With all the greater existence I drew from them I prayed for a bodily life equal to it, for a soul-life beyond my thought, for my inexpressible desire of more than I could shape even into idea. There was something higher than idea, invisible to thought as air to the eye; give me bodily life equal in fulness to the strength of earth, and sun, and sea; give me the soul- life of my desire. Once more I went down to the sea, touched it, and said farewell. So deep was the inhalation of this life that day, that it seemed to remain in me for years. This was a real pilgrimage.

Time passed away, with more labour, pleasure, and again at last, after much pain and wearinesss of mind, I came down again to the sea. The circumstances were changed--it was not a hurried glance--there were opportunities for longer thought. It mattered scarcely anything to me now whether I was alone, or whether houses and other people were near. Nothing could disturb my inner vision. By the sea, aware of the sun overhead, and the blue heaven, I feel that there is nothing between me and space.

This is the verge of a gulf, and a tangent from my feet goes straight unchecked into the unnknown. It is the edge of the abyss as much as if the earth were cut away in a sheer fall of eight thousand miles to the sky beneath, thence a hollow to the stars. Looking straight out is looking straight down; the eye- glance gradually departs from the sea-level, and, rising as that falls, enters the hollow of heaven. It is gazing along the face of a vast precipice into the hollow space which is nameless.

There mystery has been placed, but realising the vast hollow yonder makes me feel that the mystery is here. I, who am here on the verge, standing on the margin of the sky, am in the mystery itself.

If I let my eye look back upon me from the extreme opposite of heaven, then this spot where I stand is in the centre of the hollow. Alone with the sea and sky, I presently feel all the depth and wonder of the unknown come back surging up around, and touching me as the foam runs to my feet. I am in it now, not to-morrow, this moment; I cannot escape from it. Though I may deceive myself with labour, yet still I am in it; in sleep too. There is no escape from this immensity.
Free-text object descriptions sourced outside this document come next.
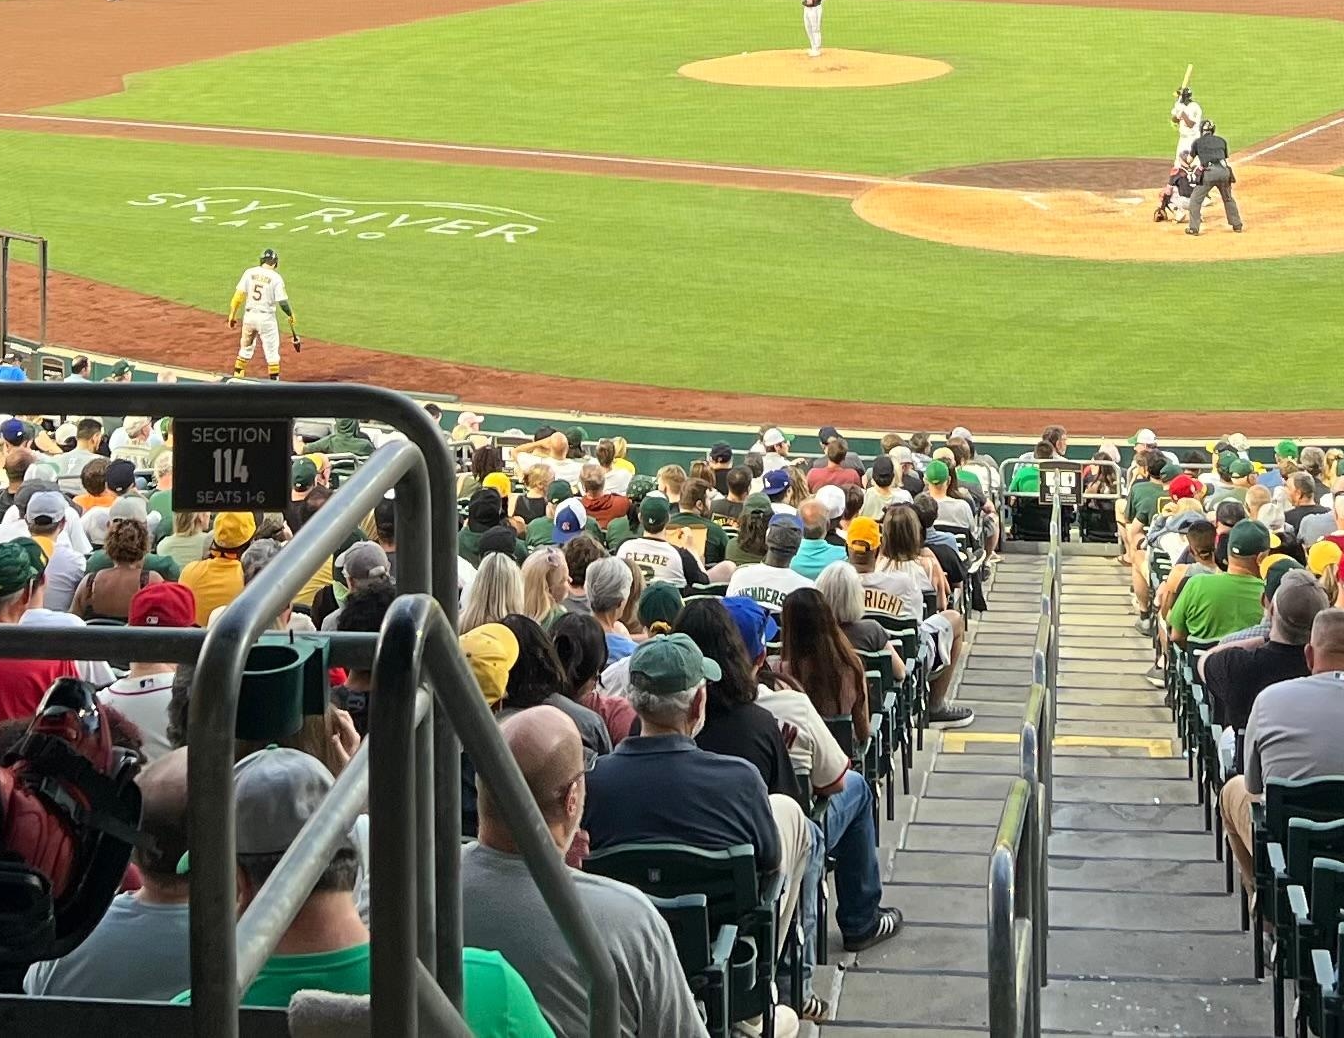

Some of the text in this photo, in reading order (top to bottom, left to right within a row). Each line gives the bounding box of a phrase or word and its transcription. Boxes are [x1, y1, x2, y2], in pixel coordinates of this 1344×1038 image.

[127, 192, 539, 243] SKY RIVER
[189, 215, 388, 240] CASINO
[252, 284, 263, 301] 5
[191, 427, 271, 443] SECTION
[212, 448, 249, 484] 114
[196, 490, 266, 504] SEATS 1-6
[624, 552, 670, 567] CLARE
[737, 587, 787, 607] HENDERS
[864, 589, 905, 616] RIGHT
Feeling this by the sea, under the sun, my life enlarges and quickens, striving to take to itself the largeness of the heaven. The frame cannot expand, but the soul is able to stand before it. No giant's body could be in proportion to the earth, but a little spirit is equal to the entire cosmos, to earth and ocean, sun and star-hollow. These are but a few acres to it.
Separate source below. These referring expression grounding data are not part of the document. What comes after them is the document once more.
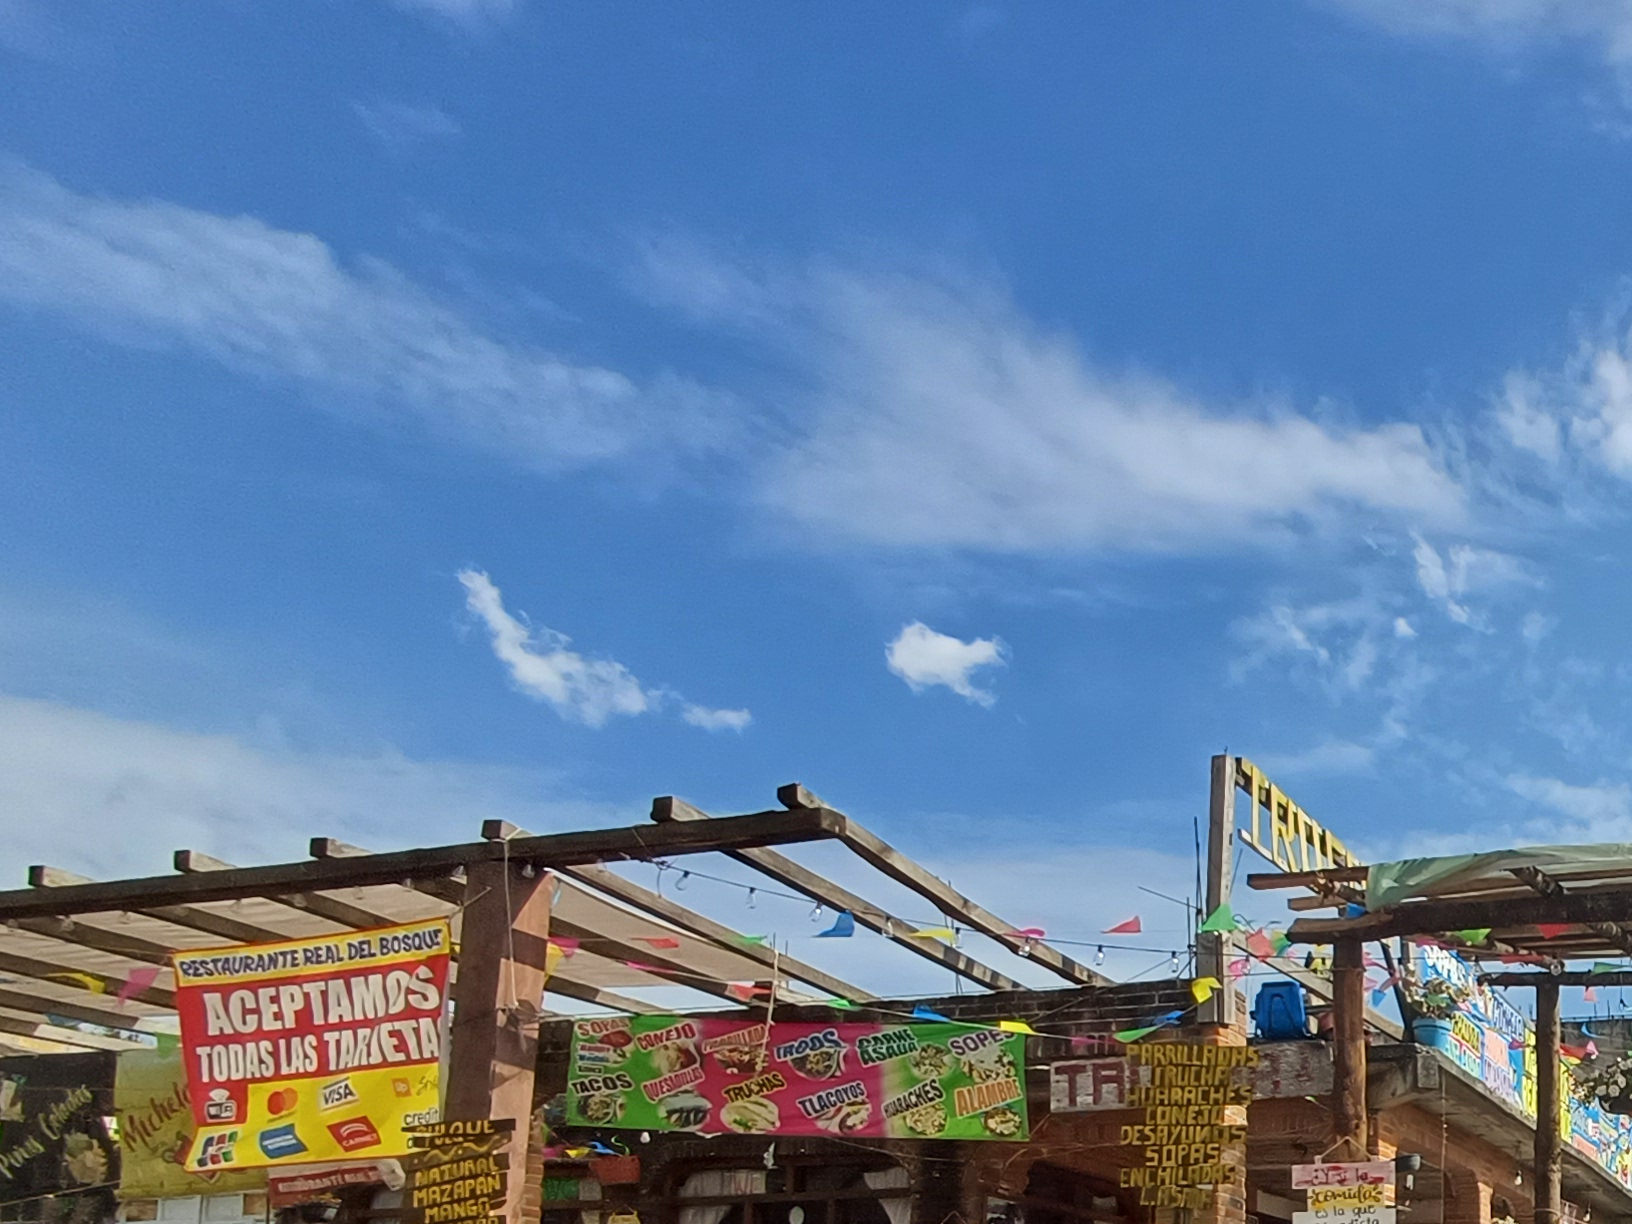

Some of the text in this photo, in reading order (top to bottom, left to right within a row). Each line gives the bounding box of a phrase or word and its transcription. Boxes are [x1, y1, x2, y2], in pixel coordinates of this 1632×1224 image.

[180, 949, 299, 978] RESTAURANTE
[302, 944, 344, 965] REAL
[348, 937, 376, 960] DEL
[203, 965, 440, 1036] ACEPTAMOS
[196, 1016, 441, 1082] TODAS LAS TARJETA
[637, 1022, 696, 1050] CONEJO
[1126, 1044, 1260, 1067] PARRILLADAS
[323, 1083, 356, 1105] VISA
[571, 1074, 633, 1095] TACOS
[724, 1073, 785, 1103] TRUCHAS
[955, 1079, 1022, 1116] ALAMBRE
[799, 1082, 865, 1117] TLACOYOS
[883, 1079, 944, 1119] HUARACHES
[1146, 1105, 1225, 1126] CONEJO
[1120, 1125, 1247, 1146] DESAYUNOS
[1145, 1143, 1220, 1166] SOPAS
[415, 1156, 499, 1187] NATURAL
[1120, 1163, 1236, 1188] ENCHILADAS
[425, 1197, 490, 1224] MANGO
[1333, 1205, 1345, 1216] la
[1352, 1205, 1376, 1218] que
Were the cosmos twice as wide, the soul could run over it, and return to itself in a time so small, no measure exists to mete it.

Therefore, I think the soul may sometimes find out an existence as superior as my mind is to the dead chalk cliff.

With the great sun burning over the foamflaked sea, roofed with heaven--aware of myself, a consciousness forced on me by these things--I feel that thought must yet grow larger and correspond in magnitude of conception to these. But these cannot content me, these Titanic things of sea, and sun, and profundity; I feel that my thought is stronger than they are. I burn life like a torch. The hot light shot back from the sea scorches my cheek-- my life is burning in me. The soul throbs like the sea for a larger life. No thought which I have ever had has satisfied my soul.